Leah dan Scott turun dari mobil saat keduanya sampai di bandara. Alex sempat menghubungi Scott untuk menjemputnya di bandara karena Zack tengah ia berikan tugas ke Florida.
Ya, tidak apa kan? Setelah ini mereka bisa langsung mendiskusikan hal yang ingin dibicarakan agar lekas selesai.
"Apa kita datang tepat waktu?" Tanya Leah.
Scott mengangguk lalu menunjuk ke arah depan dengan dagunya,"Ya. Itu mereka," Jawabnya. Leah mengikuti arah pandang Scott lalu tersenyum lega ketika melihat Sarah dan Alex di depan sana. Barang bawaan mereka sudah tertata rapi di atas troli dan dia bisa melihat senyuman yang tercipta di wajah Sarah. Ada cahaya kebahagiaan yang terlihat, Leah yakin, mereka pasti bersenang-senang disana.
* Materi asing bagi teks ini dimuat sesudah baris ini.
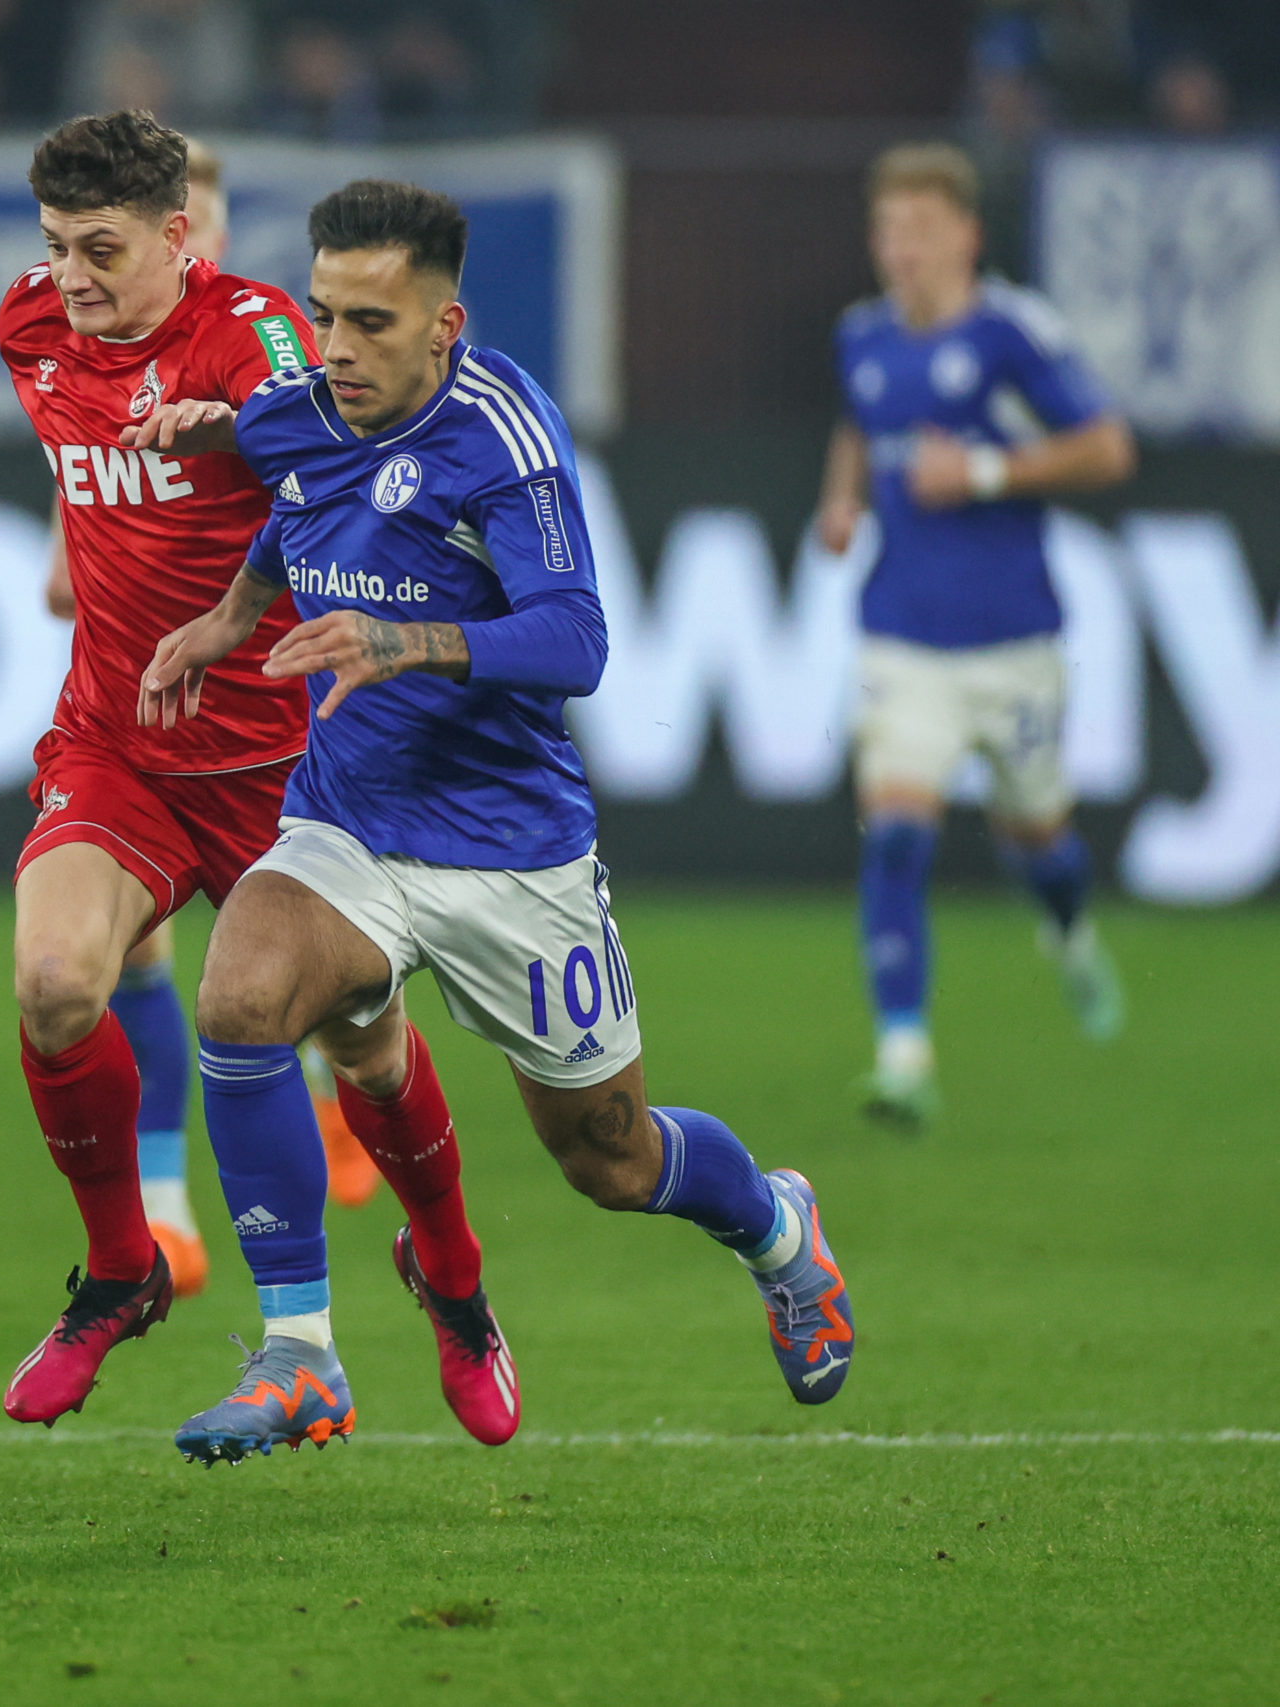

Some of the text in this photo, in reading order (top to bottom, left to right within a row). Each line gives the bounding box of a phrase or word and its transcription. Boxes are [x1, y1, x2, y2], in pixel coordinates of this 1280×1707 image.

[261, 319, 300, 367] DEVK
[41, 442, 195, 506] EWE
[279, 487, 305, 506] adidas
[534, 483, 565, 569] WHITEFIELD
[283, 555, 429, 603] einAuto.de
[528, 945, 602, 1036] 10
[564, 1044, 605, 1064] adidas
Kedua wanita itu saling berpelukan hangat,"Sialan kau Sarah. Aku mencoba menelepon mu, tapi tak pernah ada jawaban," Gerutunya. Sarah hanya mengulas senyum tipis, ia melirik Alex yang tampak tidak peduli dengan perkataan Leah.
"Maafkan aku, Venesia terlalu indah jadi pikiranku sedikit teralihkan."
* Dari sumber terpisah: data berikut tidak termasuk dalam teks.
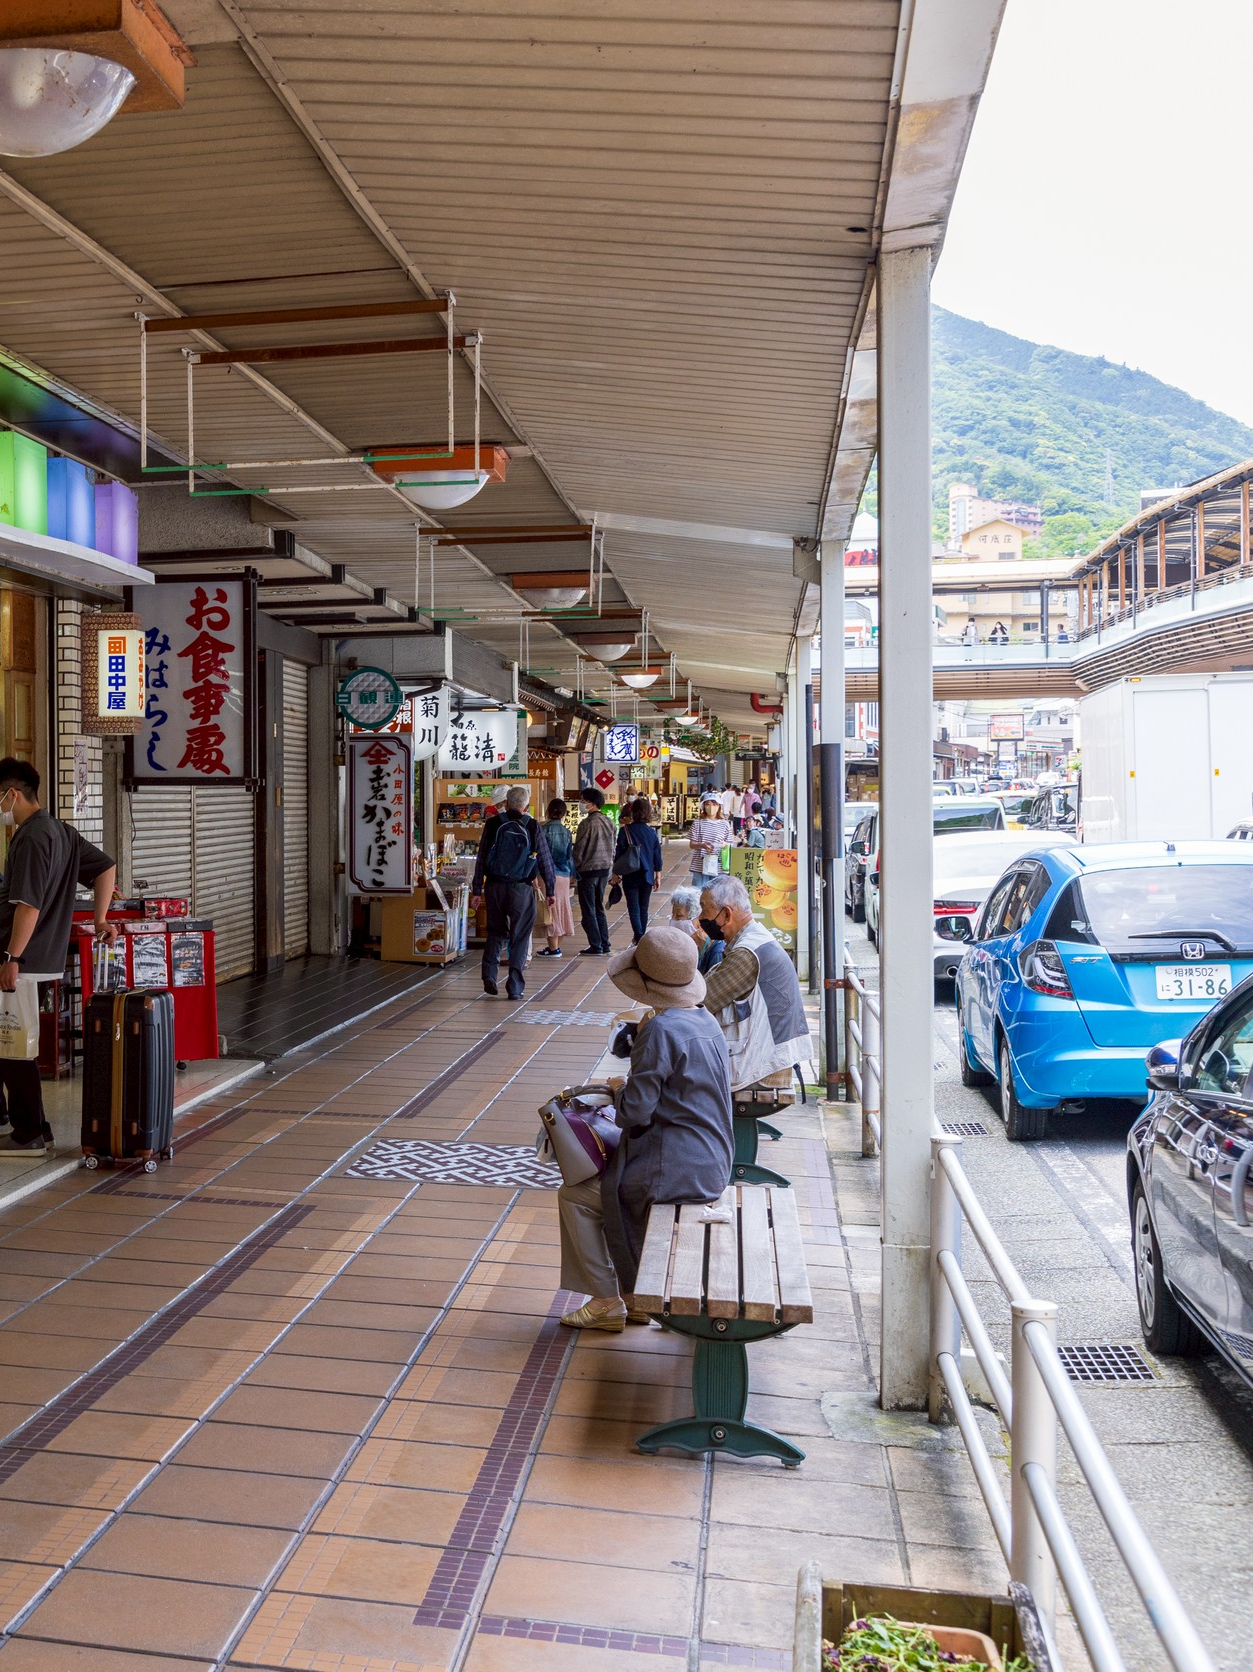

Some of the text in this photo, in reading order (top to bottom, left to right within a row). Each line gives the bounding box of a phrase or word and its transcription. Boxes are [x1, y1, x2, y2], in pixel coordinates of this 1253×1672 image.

[107, 655, 127, 710] 田中屋
[145, 627, 172, 771] みはらし
[418, 695, 440, 746] 菊川
[449, 733, 496, 763] 籠清
[391, 763, 405, 836] 小田原の味
[1162, 978, 1228, 996] に 31-86
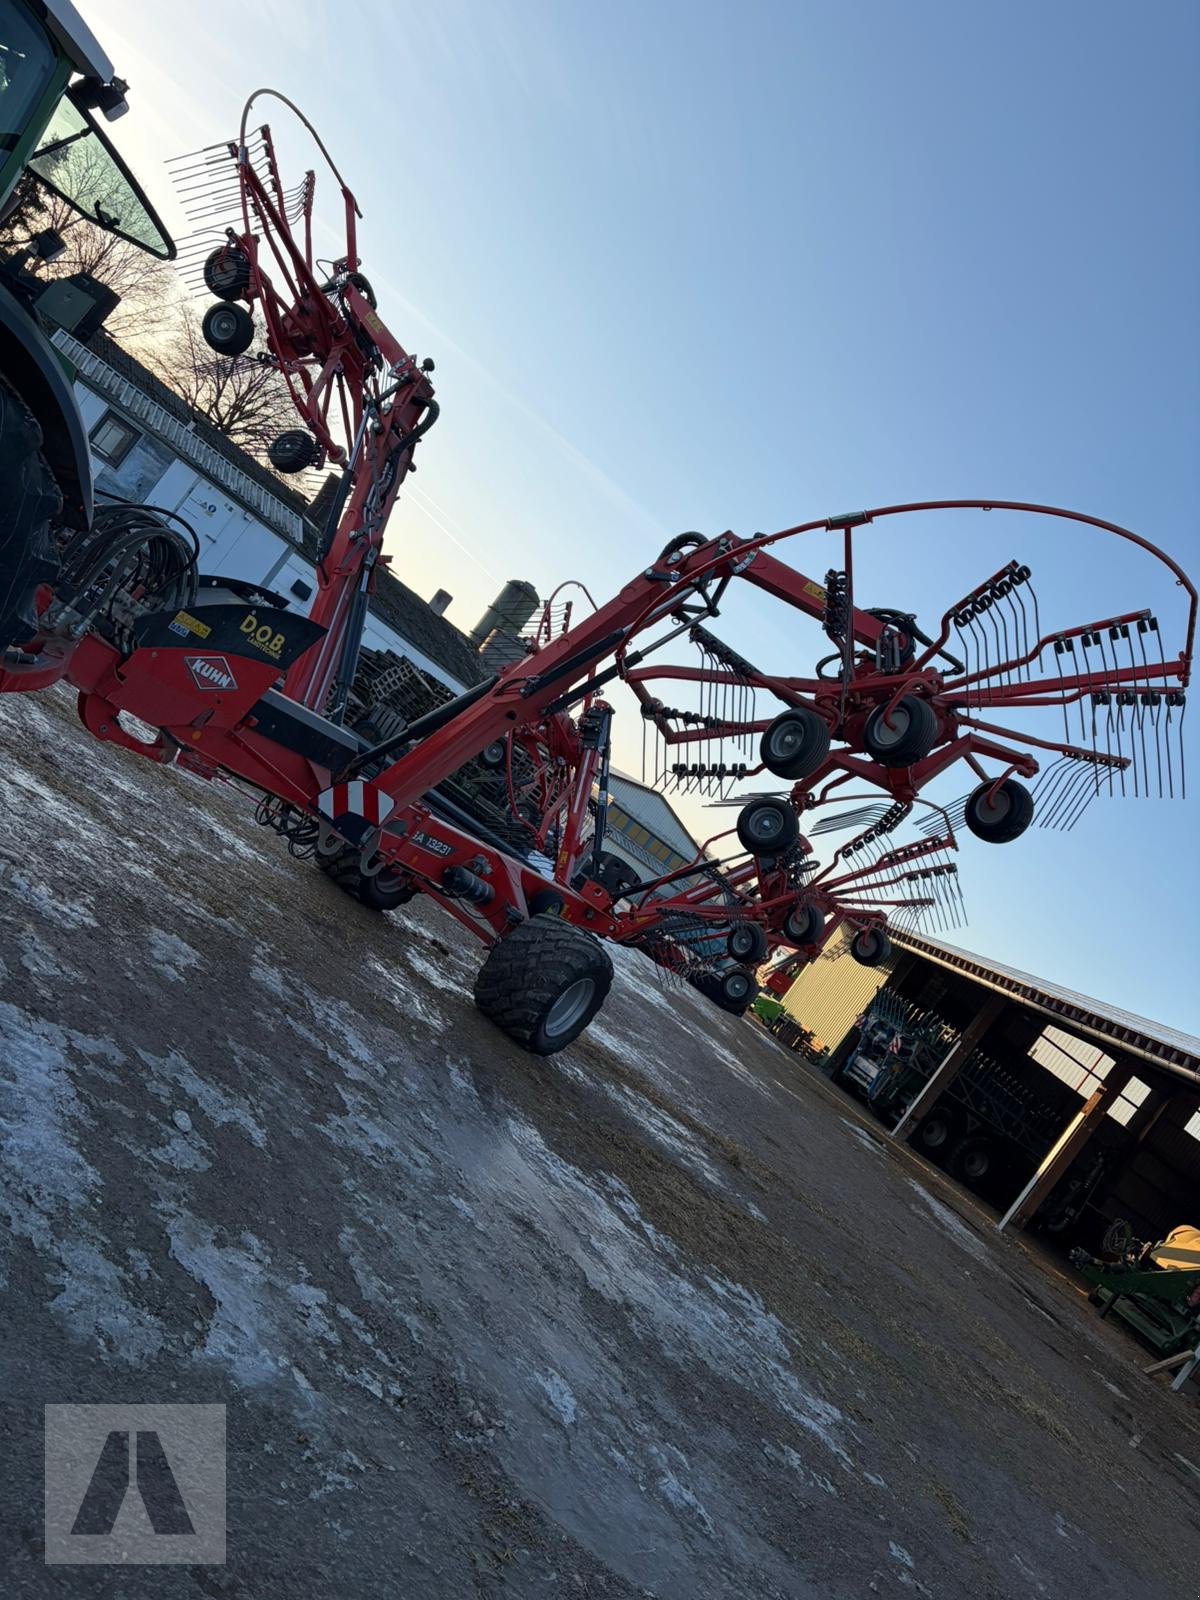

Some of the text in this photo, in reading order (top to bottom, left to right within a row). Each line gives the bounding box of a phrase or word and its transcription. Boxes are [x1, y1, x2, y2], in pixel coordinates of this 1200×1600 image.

"Huh baguslah. Kukira sperma Alex yang terlalu indah hingga kau hilang akal," Suara Scott berhasil menumbuhkan guratan kekesalan pada wajah Alex. Pria itu menahan kekesalannya sambil memberi tatapan peringatan pada Scott.
Leah memukul lengan pria itu,"Tidak tahu sopan santun!"
"Easy, woman," Balas Scott sambil mengusap lengannya yang sebenarnya tidak terlalu sakit.
Sarah sedari tadi sudah menahan malu setengah mati. Sialan sekali Scott, dia terlalu jujur dalam berbicara.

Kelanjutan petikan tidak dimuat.